The rules would apply to mobile or fixed services, including cellular, personal communications services, specialized mobile radio, local multipoint distribution service, fixed microwave and others.

In a release, the agency referred to the rules as a "landmark step" in allowing the market to take a more active role in using and developing wireless products and services.

The FCC and political figures in Washington have been encouraging the development of wireless technologies, looking at it as another means--along with cable and digital subscriber line (DSL)--of delivering high-speed connectivity to the masses. Earlier this year, Sens. Barbara Boxer, D-Calif., and George Allen, R-Va., proposed the Jumpstart Broadband Act, which would allocate additional radio spectrum for unlicensed use by wireless broadband devices.

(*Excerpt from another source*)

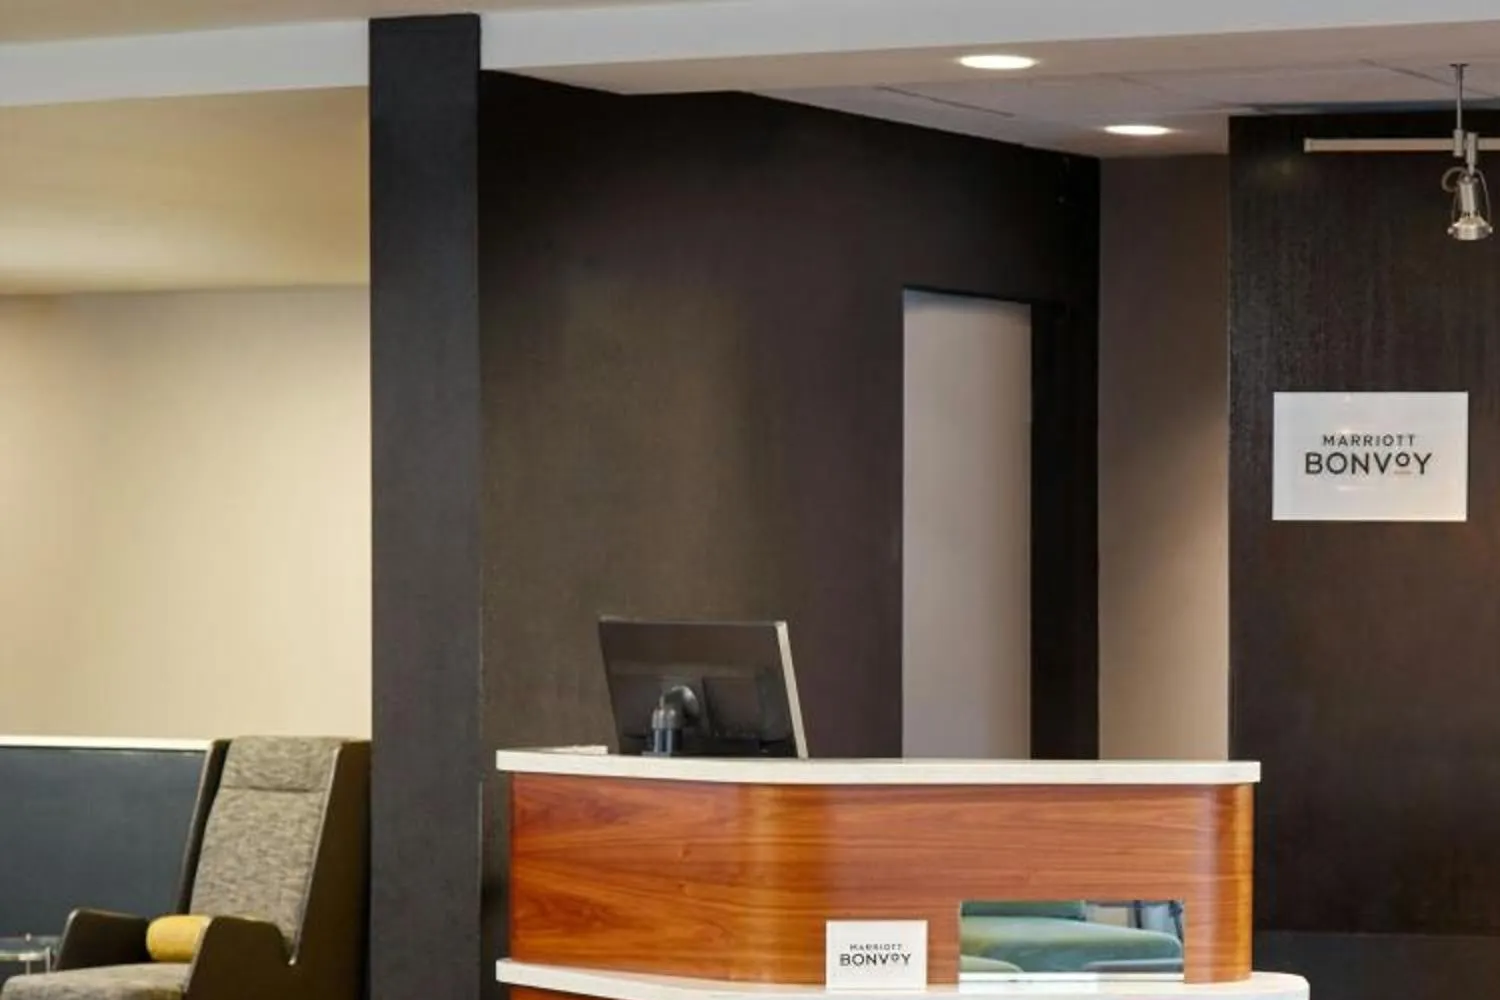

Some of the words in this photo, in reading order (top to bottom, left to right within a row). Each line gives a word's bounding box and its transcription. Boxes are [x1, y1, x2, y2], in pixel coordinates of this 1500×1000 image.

[1322, 434, 1415, 447] MARRIOTT
[1305, 452, 1432, 475] BONVOY
[839, 953, 911, 967] BONVOY

The senators are looking to encourage the development of wireless broadband technology and create a mode of access that is less expensive and easier to install than existing offerings. They believe such a technology would improve the use and distribution of information, which could help produce more jobs, increase productivity, improve health care delivery and make education more accessible in rural areas where broadband access is tough to install.

The bill proposes the use of an additional 255MHz of contiguous spectrum in the 5GHz band.

In related news, the FCC proposed Friday to make spectrum available in the 5.470GHz to 5.725GHz band. The move would increase the amount of available spectrum for use in unlicensed devices in the 5GHz band by 80 percent.